Mientras Leonarda Antonia Santos tiene 20 años de hacer ramos y venderlos, Melany Guerrero hizo su primer palma que pretende vender este Domingo de Ramos 24 de marzo frente a la parroquia María Auxiliadora o iglesia "Don Rúa", en San Salvador.
"Ya tengo 20 años de andar vendiendo ramos", exclama doña Leonarda.
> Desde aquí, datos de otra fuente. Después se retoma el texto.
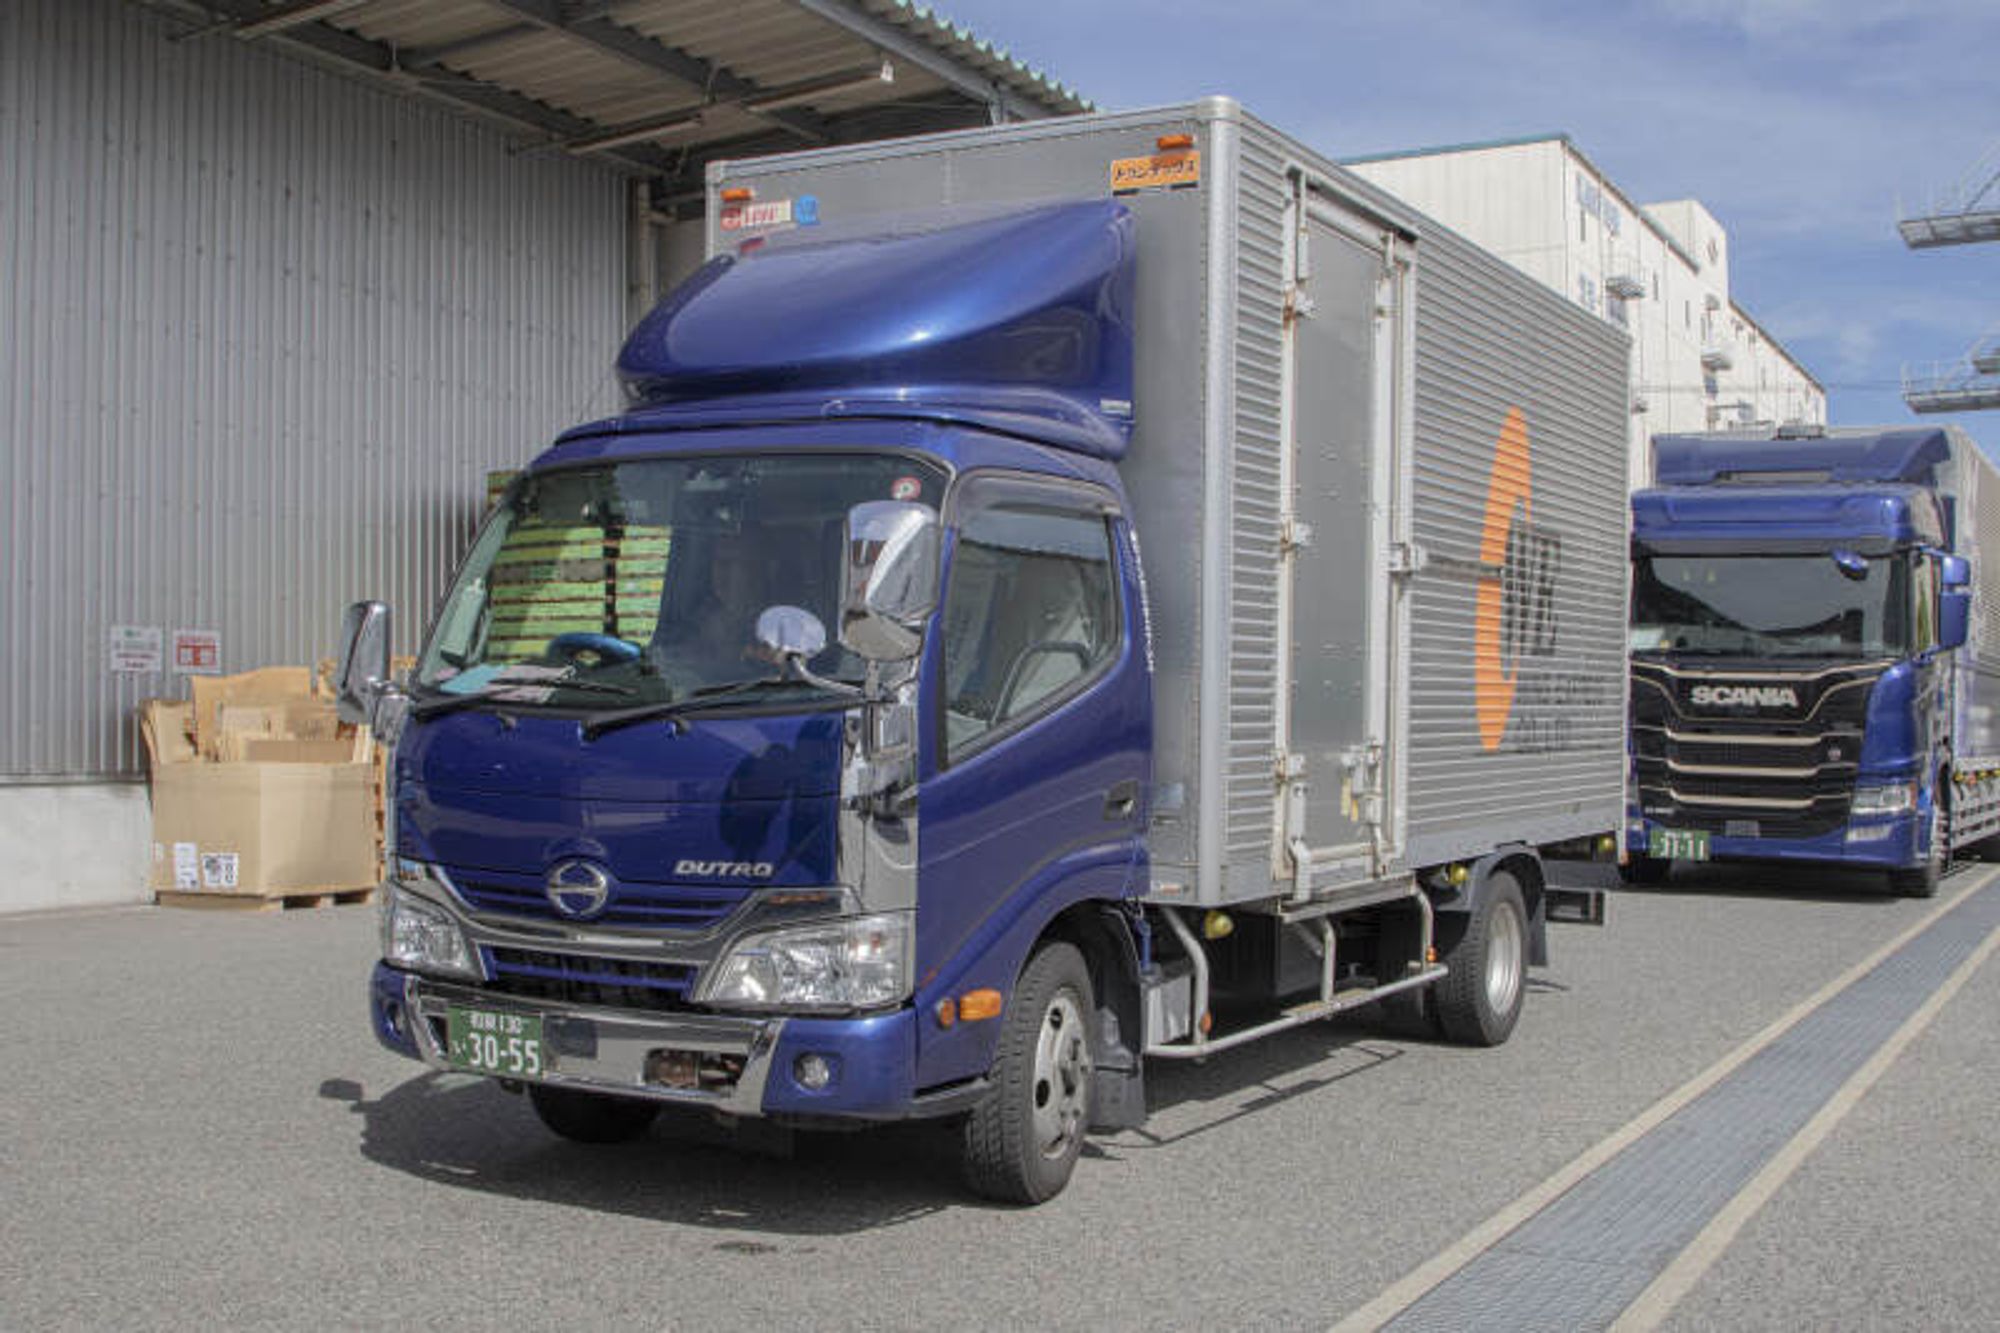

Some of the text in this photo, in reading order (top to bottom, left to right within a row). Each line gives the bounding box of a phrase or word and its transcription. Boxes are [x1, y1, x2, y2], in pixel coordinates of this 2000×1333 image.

[1691, 686, 1798, 708] SCANIA
[673, 859, 774, 877] DUTRO
[468, 1032, 540, 1075] 30-55
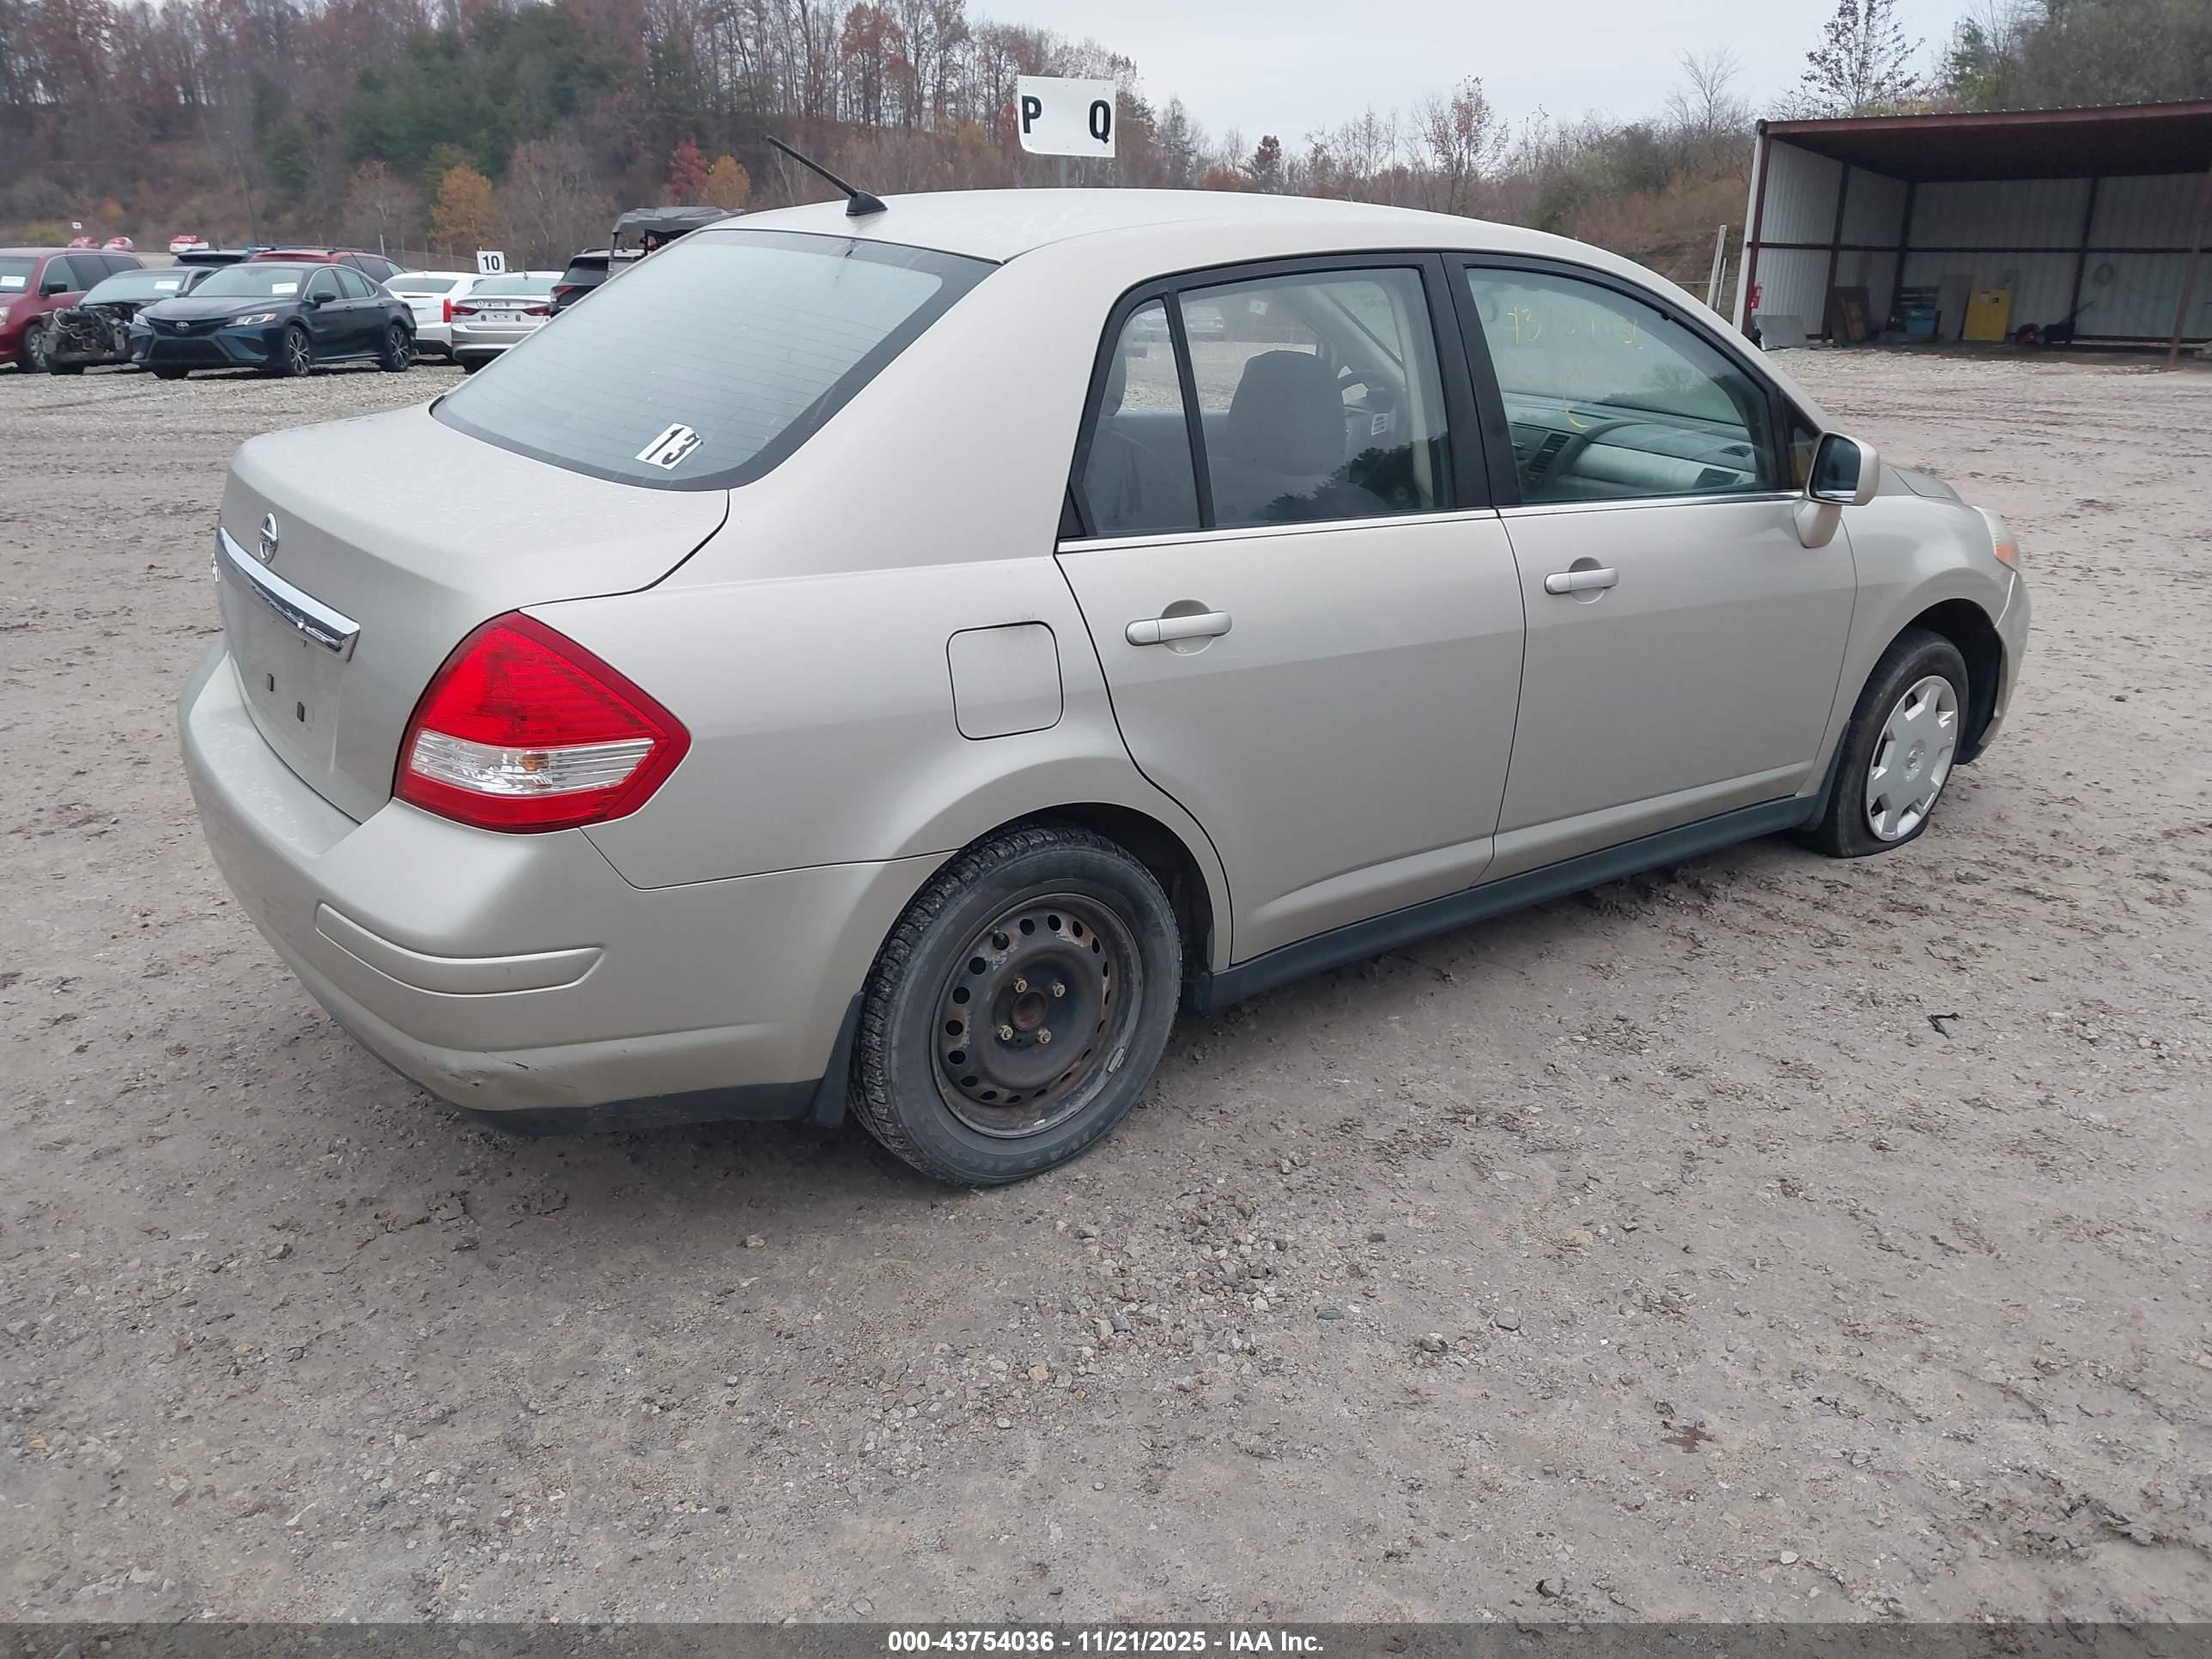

Ella nos cuenta cuál es la historia detrás de estos variados ramitos que este domingo llegarán a muchos hogares salvadoreños.
"Estamos en la tradición que viene del pueblo de Israel y de Jerusalén, cuando Jesús pasaba en las palmas y la gente le aplaudía, le ponían las palmas en el suelo para que él pasara con el burrito, montado encima de él, la gente ponía las palmas en el suelo y la gente le gritaba: 'Que viva el rey, el rey de los judíos", cuenta la mujer, mientras sigue tejiendo las hojas de palmeras.
Efectivamente el Domingo de Ramos conmemora la entrada triunfal de Jesús en Jerusalén, cuando la multitud lo recibió agitando ramas de palma según Aciprensa.
Pero doña Leonarda, mientras sigue haciendo palmas, desenlaza la dura historia adelantándose al Viernes Santo: "Después de las palmas, lo crucificaron".
A pocos metros está una niña que se llama Melany Guerrero, quien cuenta cómo heredó la tradición desde su abuela y su madre como artesanas de las palmas.
"Mi primer palma fue esta de aquí, es la primera que he intentado hacer", nos cuenta.
Ella llegó el sábado a preparar los ramos. "La tradición comenzó sobre la mamá de mi mamá y ahora sigo yo", dice.
Los ramitos pueden venderse a distinto precio, dependiendo de los adornitos o florcitas con los cuales se suelen acompañar. Los precios de la mayoría de ramitos oscilan entre $0.50 y $1.00.
Melany Guerrero hizo su primer palma este sábado. / Francisco Valle.